In der Schule gehört ein «Vater unser» vor dem Unterricht einfach dazu. Kinder lernen anhand von Bibelstellen lesen. In der Schweiz sind Kirche und Staat mehr entflochten. Meine Kolleg:innen können zum Glück damit umgehen, dass ich nicht gläubig bin. Ich kann mich allerdings mit vielen christlichen Werten identifizieren. Sie bilden den Boden meiner Profession, da die Soziale Arbeit aus dem Christentum hervorgegangen ist

 

Hintergrund
Die Berner Sozialarbeiterin Fabienne Haldimann (40) ist für drei Jahre mit Comundo in Cusco (Peru) im Einsatz.
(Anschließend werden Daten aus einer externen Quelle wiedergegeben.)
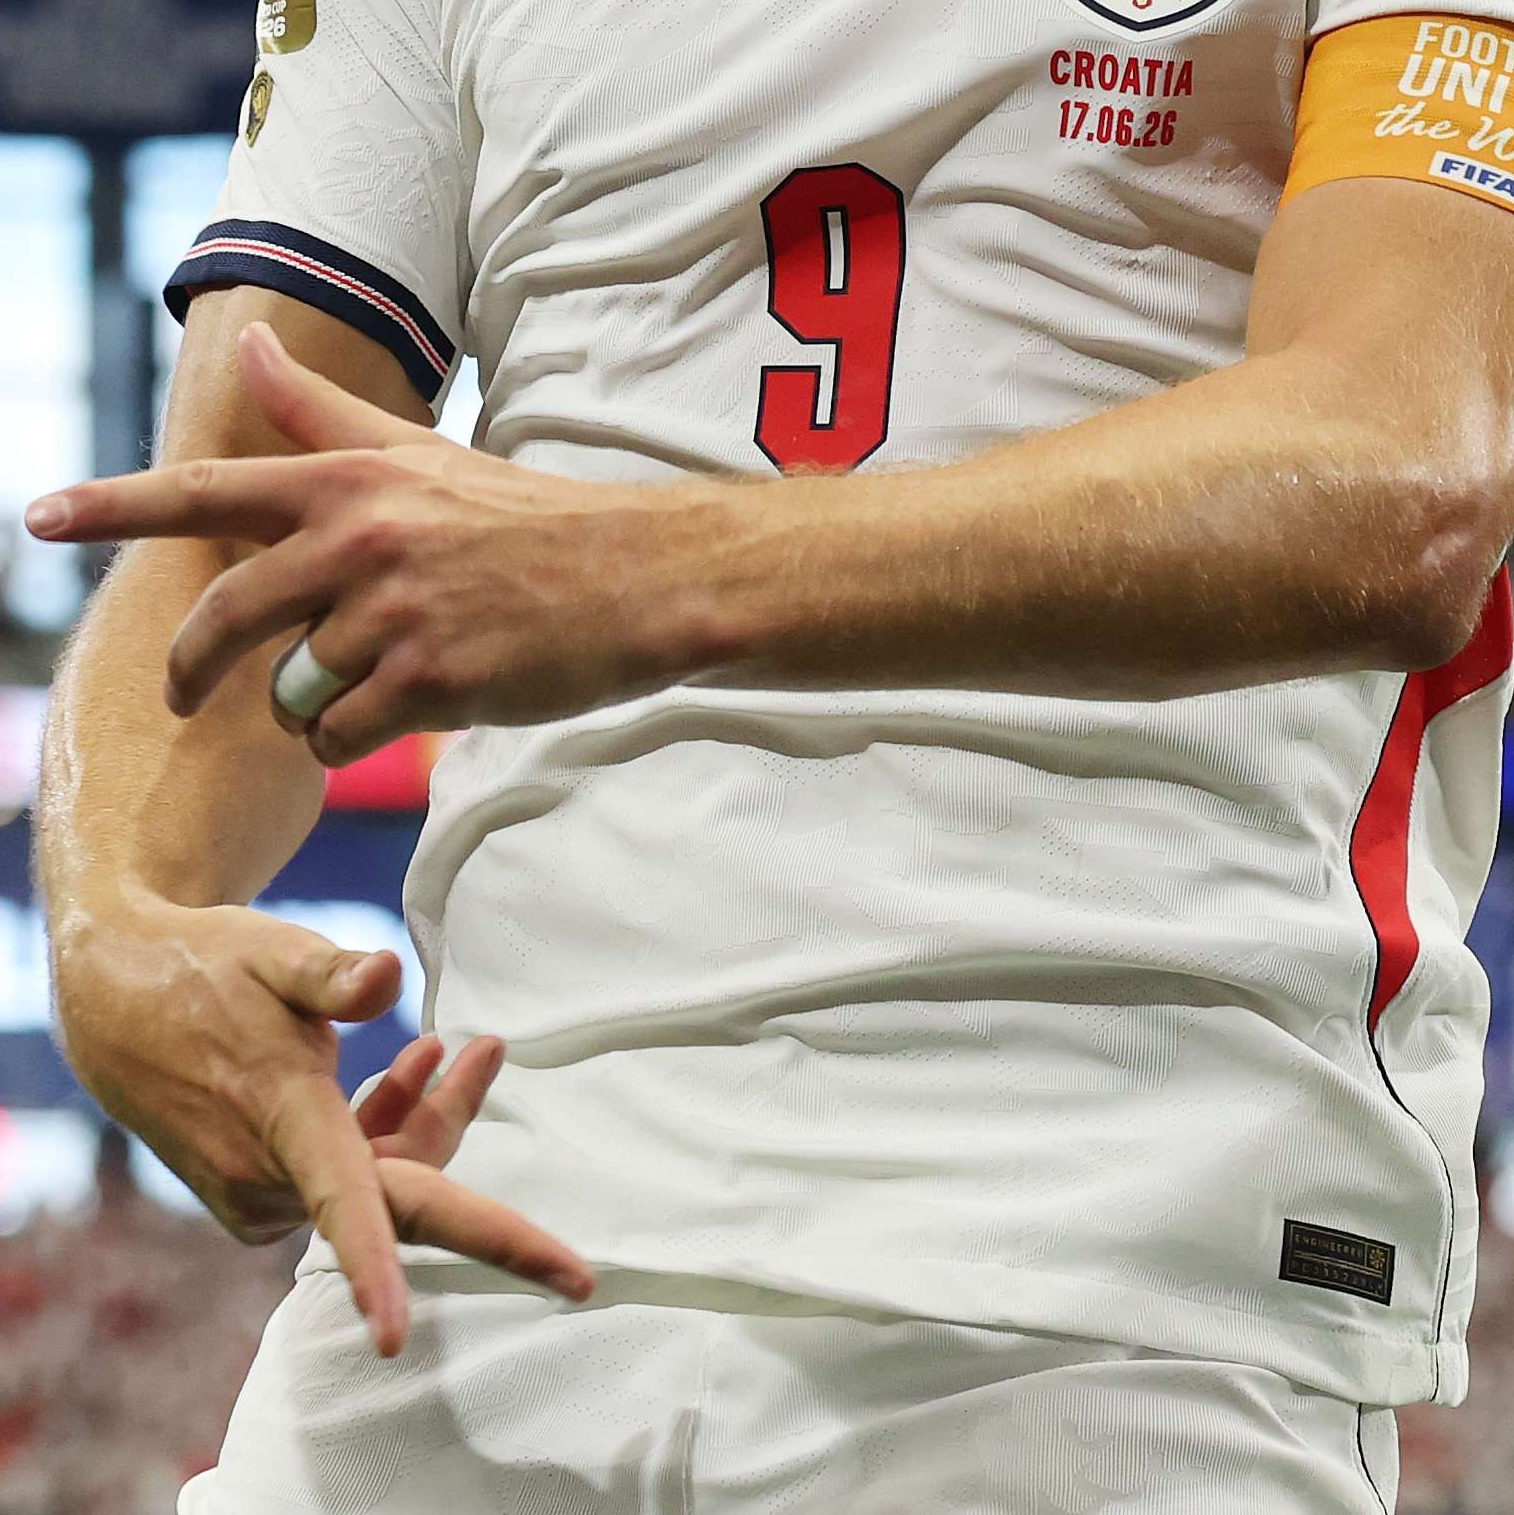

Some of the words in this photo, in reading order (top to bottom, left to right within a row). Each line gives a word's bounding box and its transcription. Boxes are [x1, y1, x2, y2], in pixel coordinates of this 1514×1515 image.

[1049, 49, 1193, 97] CROATIA
[1059, 99, 1177, 148] 17.06.26
[1374, 100, 1461, 140] the
[753, 162, 907, 478] 9
Im Auftrag von deren Partnerorganisation Kallarisunchis ist sie verantwortlich für ein Projekt mit älteren Menschen. Sie unterstützt diese darin, sich mehr Gehör zu verschaffen und zu ihren Rechten  zu kommen. Ausserdem sensibilisiert sie die Bevölkerung für die Probleme älterer Menschen wie Armut, Krankheit, Verlassenheit.

Comundo (bis 2017  Bethlehem Mission Immensee) setzt sich für soziale Gerechtigkeit und bessere Lebensbedingungen benachteiligter Menschen jeden Alters ein. Dazu  vermittelt die NGO mit Hauptsitz in Luzern Fachleute aus Deutschland und der Schweiz an Partnerorganisationen im globale Süden.